Subpoena: A legal demand for an individual or entity (like a business or witness) to produce specific documents, records, or digital data at a later date. Unlike a warrant, a subpoena does not require a showing of probable cause, and the recipient can challenge it in court before complying.
Search Warrant: A court order signed by a judge that authorizes law enforcement to immediately enter a location and search for specific items or data based on probable cause. Warrants for digital devices must often include specific “search protocols” to prevent overly broad or intrusive exploration of private data.

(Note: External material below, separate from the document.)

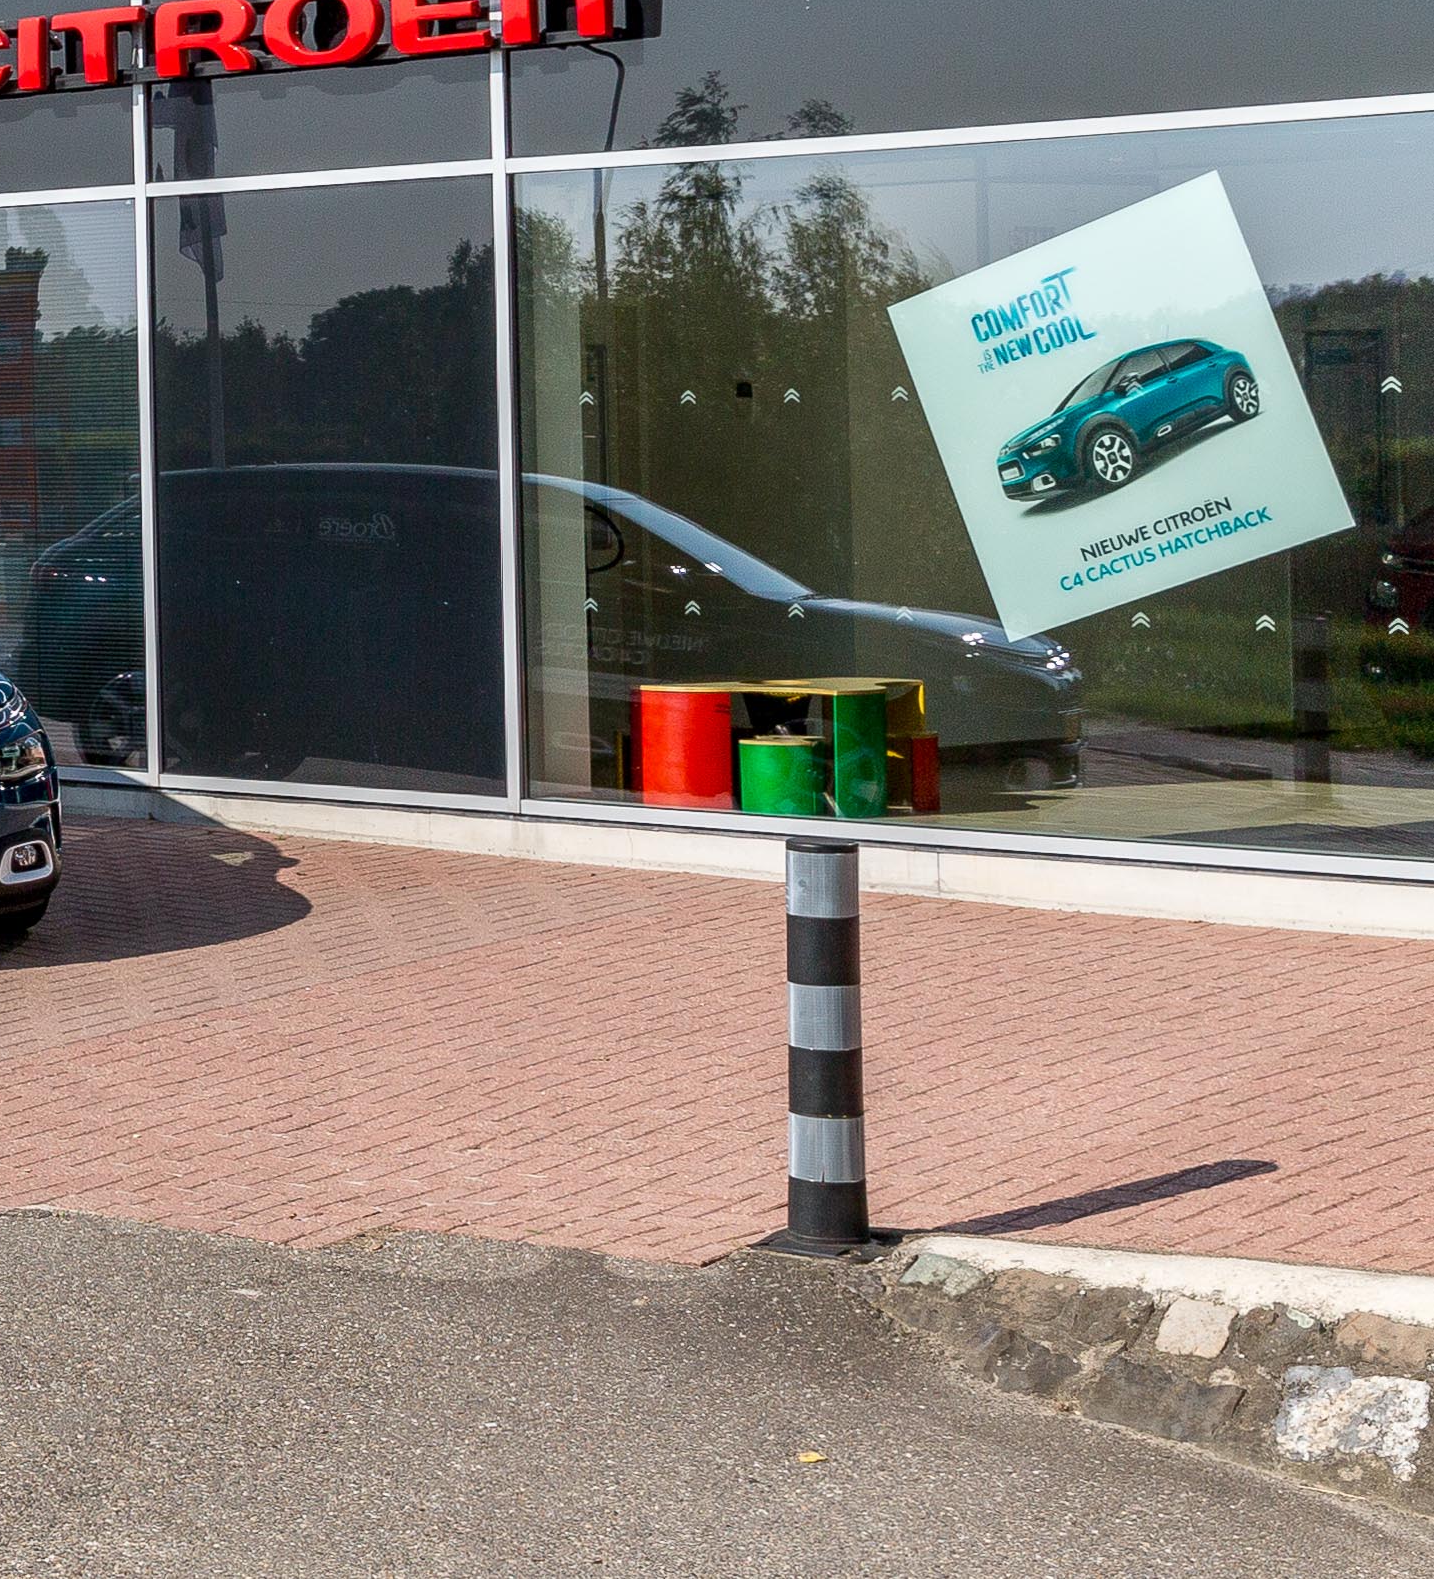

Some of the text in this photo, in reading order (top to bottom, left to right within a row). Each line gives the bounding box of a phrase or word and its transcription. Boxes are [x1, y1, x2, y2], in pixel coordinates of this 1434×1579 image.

[971, 266, 1078, 343] COMFORT
[993, 316, 1097, 366] NEW COOL
[1059, 506, 1273, 591] C4 CACTUS HATCHBACK
[1080, 496, 1233, 562] NIEUWE CITROËN
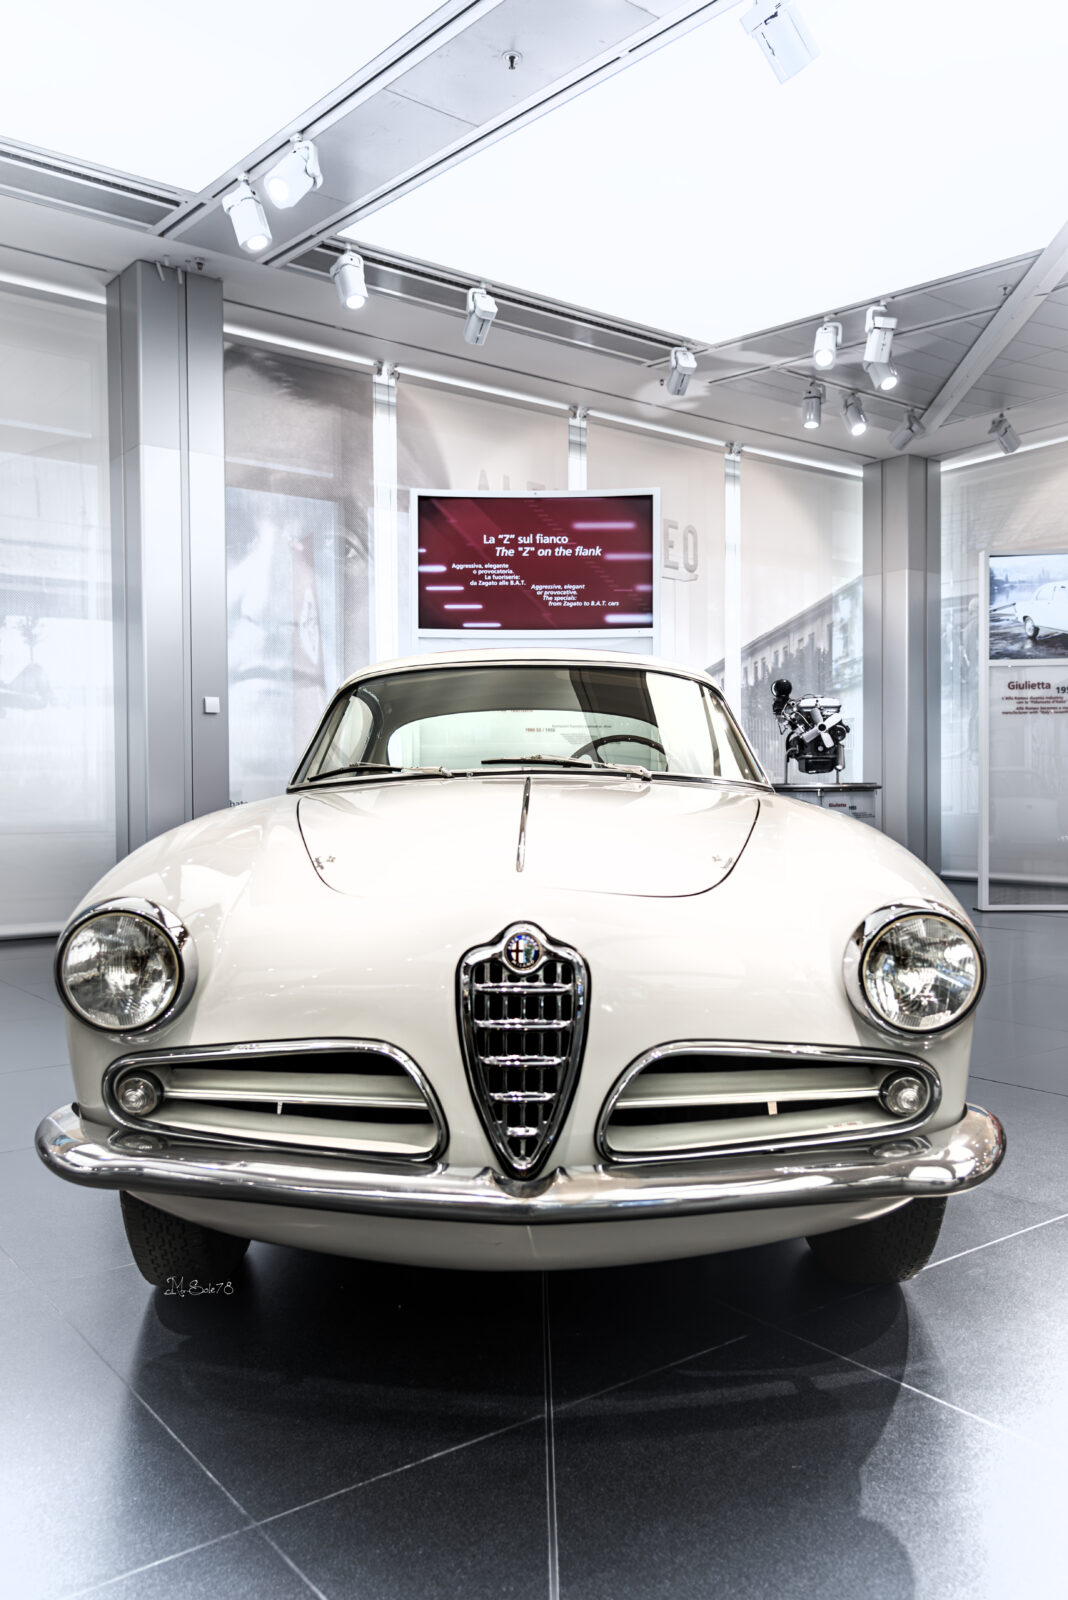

Seizure of Visible Evidence (Plain View Doctrine): This allows officers to seize evidence without a warrant if they are lawfully present (e.g., executing a different warrant or during a traffic stop), the item is in plain sight, and its incriminating nature is immediately apparent. However, while this may allow the seizure of a computer or phone, it generally does not grant the authority to search the digital contents without an additional warrant.
Exigent Circumstances: Emergency situations that allow for immediate warrantless search or seizure to prevent the imminent destruction of evidence, protect lives from immediate danger, or during the “hot pursuit” of a suspect. Once the immediate emergency is over, a warrant is typically required to conduct further detailed searches.
Remember the Locard exchange principle: whenever a crime is committed, something is taken, and something is left behind. In short, contact leaves traces, whether it happens in the physical world or between digital objects.
Reporting and documentation
Reporting and documentation are prioritized as the primary defense against legal challenges and the key to organizational recovery. Effective investigation management centers on these core concepts:
1. Meticulous Step-by-Step: Documentation should serve as a detailed diary of the investigation to ensure it is thorough and fair.
2. Structured Report Creation: A professional investigative report summarizes findings objectively and prompts necessary action.
3. Secure Storage Systems: Integrity is non-negotiable, and investigators rely on secure, centralized systems to protect sensitive data.
4. Stakeholder Updates: Communication must balance transparency with the need to protect the investigation’s integrity.
Investigative techniques
Whether in response to a crime or incident, an organizational policy breach, or troubleshooting a system or network issue, digital forensic methodologies can assist in finding answers, solving problems, and, in some cases, help successfully prosecute crimes.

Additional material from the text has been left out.